About two months ago, due to hemorrhage and intense pain, Ms A visited a public hospital and was examined by a gynaecologist who, due to the urgent need for immediate treatment, arranged for gynaecological surgery, which was not covered by the private health insurance of Ms A.

The need for immediate surgery, in combination with her poor economic situation, led Ms A to request from the MoH free access to public health services. Even though the Ministry was informed about the dismal economic position of the migrant woman and the situation of her health, it refused to accept her request on the grounds that as a third-country national she is not entitled to free access to the health services.

Ms A is in Cyprus with a temporary residence permit as a “visitor” according to the anachronistic Alien and Immigration law, in force since the colonial period and essentially eliminates and/or deprives basic rights of migrants, such as the right to health and work, while it does not safeguard access to social benefits. Ms A’s residence permit of “visitor” is given to migrant family members of Cypriot citizens. This residence permit must be renewed annually and requires, among others, that holders have a private health insurance which, apart from the high cost, does not cover major categories of medical areas such as gynecological, dental and chronic diseases problems.

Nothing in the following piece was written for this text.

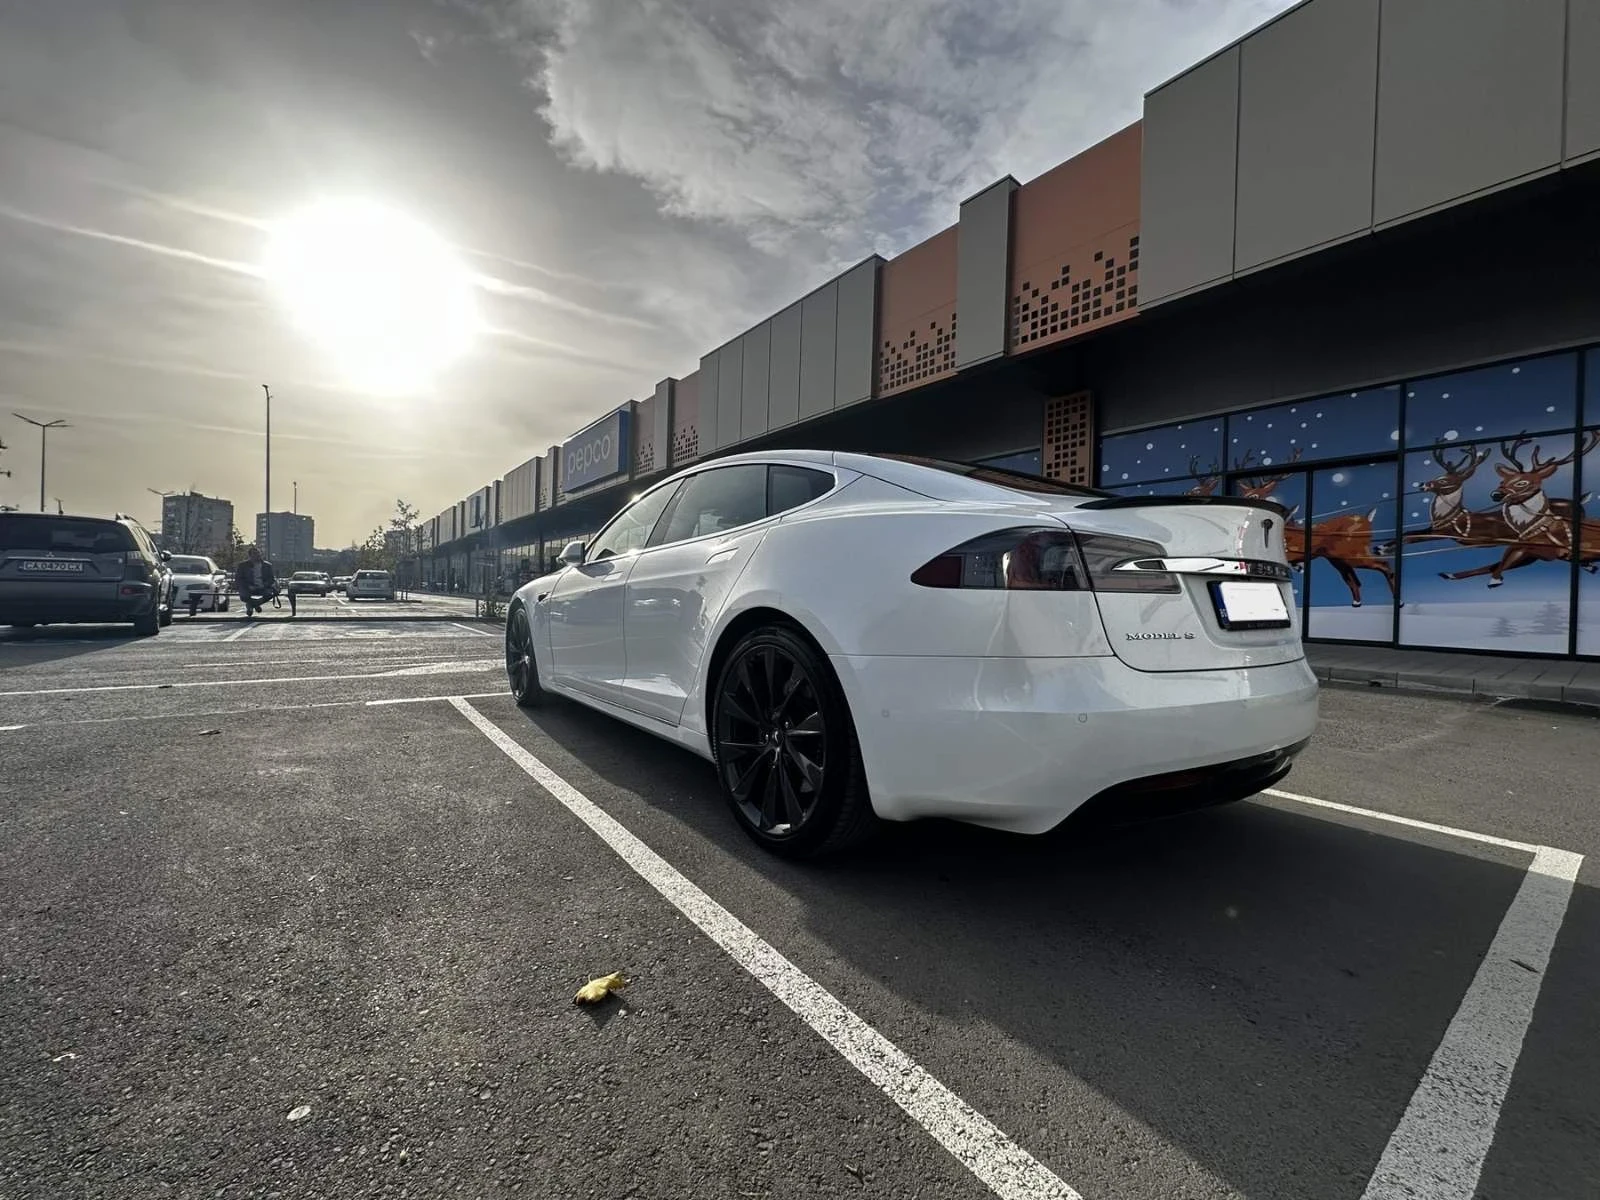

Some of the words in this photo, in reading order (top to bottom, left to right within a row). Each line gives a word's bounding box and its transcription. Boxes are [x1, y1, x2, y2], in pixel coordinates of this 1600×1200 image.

The policy and practice followed so far by the state also violates the rights of children, as the parents’ lack of access to health services and social welfare reduces the quality of childcare that parents themselves provide to their children and constitutes indirect discrimination against them (the children).

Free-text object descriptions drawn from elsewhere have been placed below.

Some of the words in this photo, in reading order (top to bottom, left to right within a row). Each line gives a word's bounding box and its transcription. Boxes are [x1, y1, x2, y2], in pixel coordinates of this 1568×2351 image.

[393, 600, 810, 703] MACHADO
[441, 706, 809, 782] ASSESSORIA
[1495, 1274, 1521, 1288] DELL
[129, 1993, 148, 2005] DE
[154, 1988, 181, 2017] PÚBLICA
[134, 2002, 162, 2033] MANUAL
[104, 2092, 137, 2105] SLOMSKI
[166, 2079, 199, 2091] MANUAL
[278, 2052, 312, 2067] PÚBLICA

It is noted that for the past two years, Ms A is unemployed despite the fact that she is looking for a job and is registered at the Public Employment Service. Previously, she worked for ten consecutive years and paid regular contributions to the Social Insurance Fund. This migrant woman lives with her child and until recently they lived on the money of her Cypriot former partner and father of the child who gave them some money as informal alimony. However, in recent months the child’s father stopped providing this money to Ms A and their child.

In light of these circumstances, Ms A applied for a Minimum Guaranteed Income (MGI) in the first month of its introduction (August 2014). However, she has been informed that her application has not yet been considered by the competent authorities. Ms A is one of the many applicants still waiting for the examination of their applications for a long time, mainly due to the priority given by the Ministry of Labour, Welfare and Social Insurance (MoLWSI) based on ethnic rather than qualitative criteria.

In view of the above, we call on the MoH and MoLWSI to intervene immediately in order to:

  • Facilitate Ms A’s free access to the public health services so as to have the necessary health care she needs.
  • Examine and immediately approve her application for MGI.

KISA also calls on the Ministry of Interior and the state in general to proceed directly to:

  • The legal regulation of the residence status of family members of Cypriot citizens so that these people have similar rights to the family members of EU citizens.
  • Providing people who are family members of Cypriot citizens with access to public health services under the same conditions with their Cypriot family members.